By Rose O. Sherman, EdD, RN, NEA-BC, FAAN
When you have a distressful event in your life either at home or work, do churn the event over and over in your mind with the “what-ifs” or “if-only”. If you the answer is yes – you have been doing what psychologists call ruminating. I had a CNO colleague who lost her position after many years when a new CEO came to the organization. He wanted a change – clear and simple but without question unfair to the CNO and her staff. It had nothing to do with her performance. She told me that she found herself ruminating over and over about what happened. It seemed to consume her thoughts.
Authors Derek Roger and Nick Petrie from the Center for Creative Leadership have found in their research that rumination leads to greater stress and is a major blockade to resiliency. To achieve resiliency in a situation, you have to stop the rumination. They recommend four steps to stop the rumination:
- Wake up and live in the present moment – quiet your mind by concentrating what is immediately in front of you. Forget about the past and don’t worry about the future. Focus on the things that you have immediate control over. Ask yourself the question – “what is the opportunity in front of me right now?”
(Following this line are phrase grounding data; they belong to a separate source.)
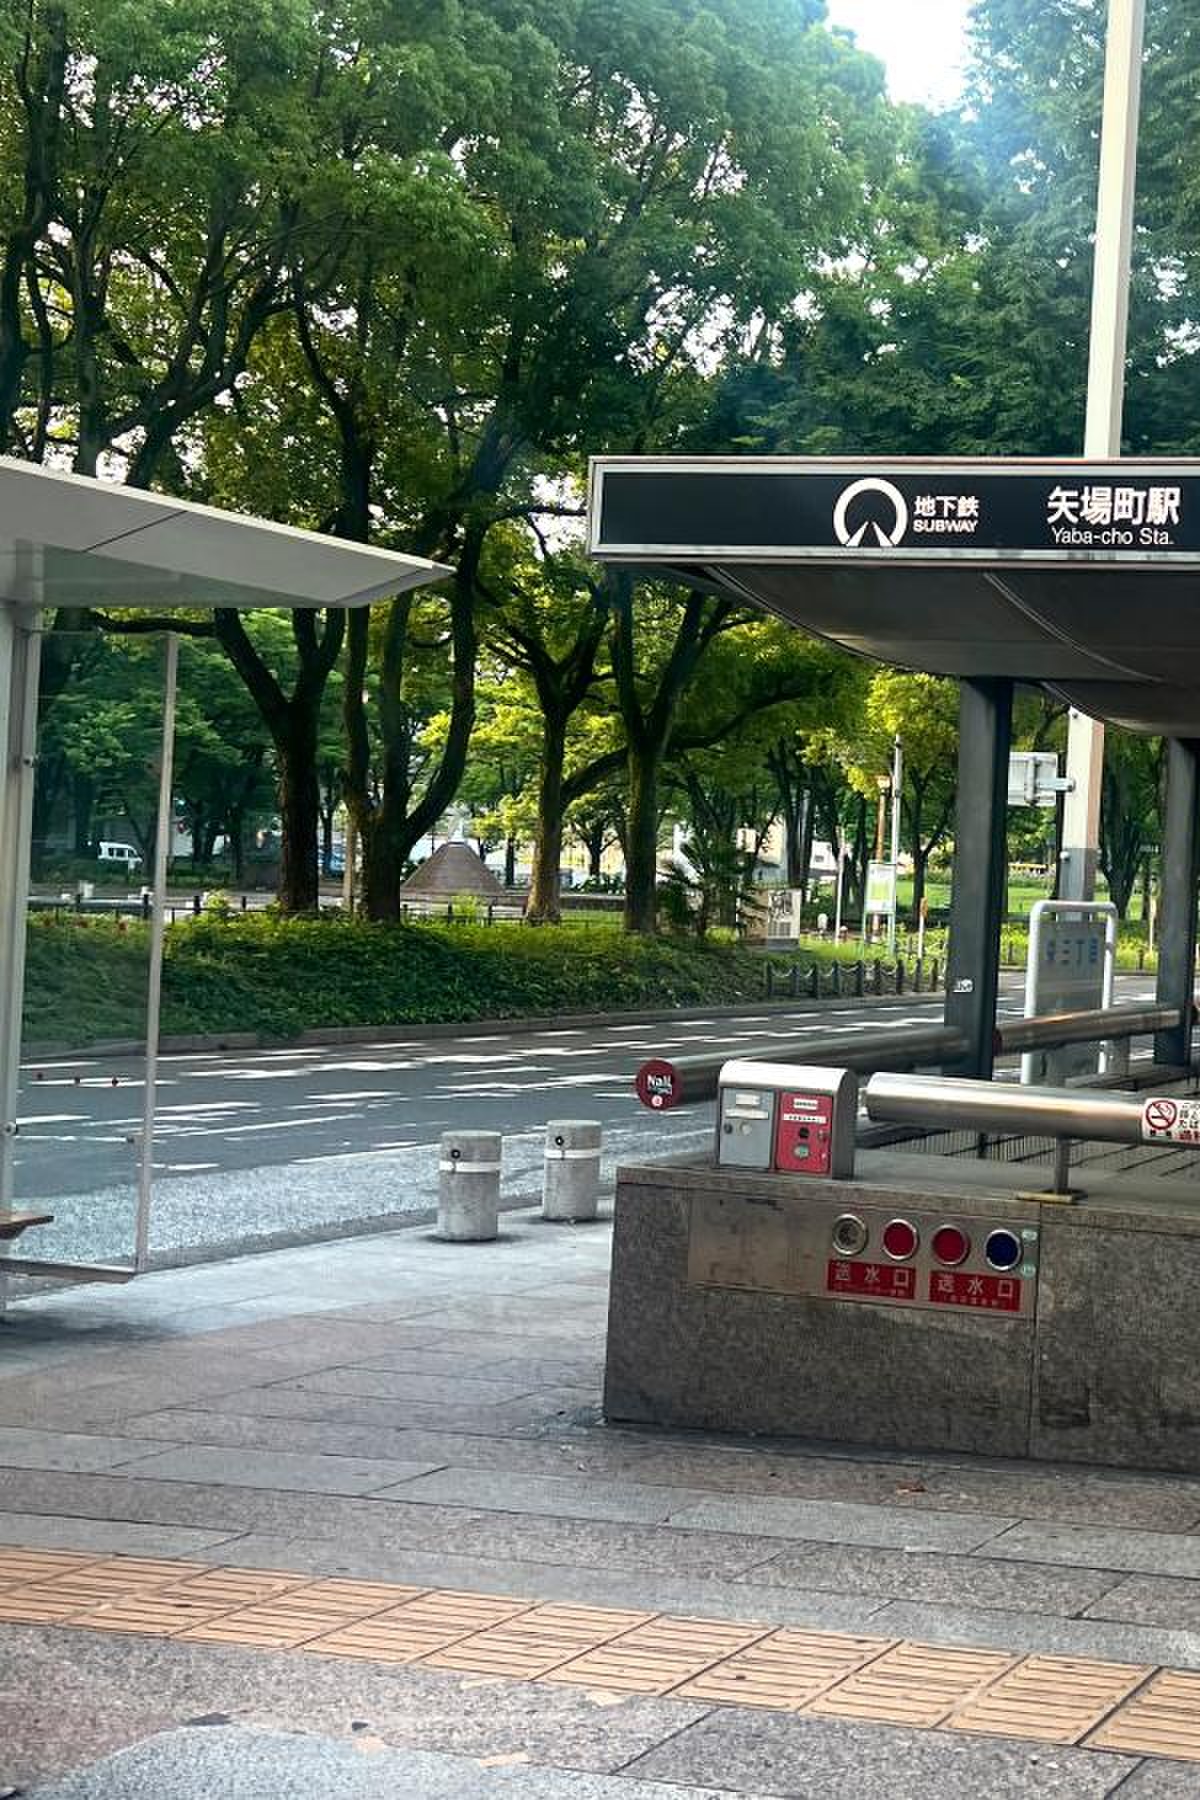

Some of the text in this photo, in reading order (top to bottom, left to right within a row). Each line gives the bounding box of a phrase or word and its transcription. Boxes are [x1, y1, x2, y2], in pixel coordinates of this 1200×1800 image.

[913, 495, 979, 518] 地下鉄
[1047, 485, 1181, 526] 矢場町駅
[913, 518, 979, 533] SUBWAY
[1051, 526, 1174, 545] Yaba-cho Sta.
[937, 1276, 1014, 1298] 送水口
- Control your attention – become acutely aware of the difference between pressure (external demands being placed on you) and stress (ruminating about the demands). Accept the reality that pressure is part of life but stress does not need to be. Focus only on what you can control in the situation. Become more reflective about your work and acknowledge that your recall of events may not be accurate. Remain flexible.
- Detach yourself – detachment will allow you to gain perspective and focus on what you value most. Catastrophizing situations rarely leads to solutions. Rumination does not lead to learning. Three good questions to ask are 1. What is funny in this situation; 2. What is great about this; 3. What is the opportunity here?
- Let go – believe that change is continuous and that a difficult situation can lead to greater growth. Let go of your grudges and forgive quickly.
We need to see rumination as a toxic behavior that will lead to a high degree of personal stress. It can also easily become a habit in how we react to situations. To stop ruminating takes intentionality but it is necessary for leadership growth and resiliency.
Read to Lead
Roger, D. & Petrie, N. (2017). Work with stress: Building a resilient mindset for lasting success. New York: McGraw Hill.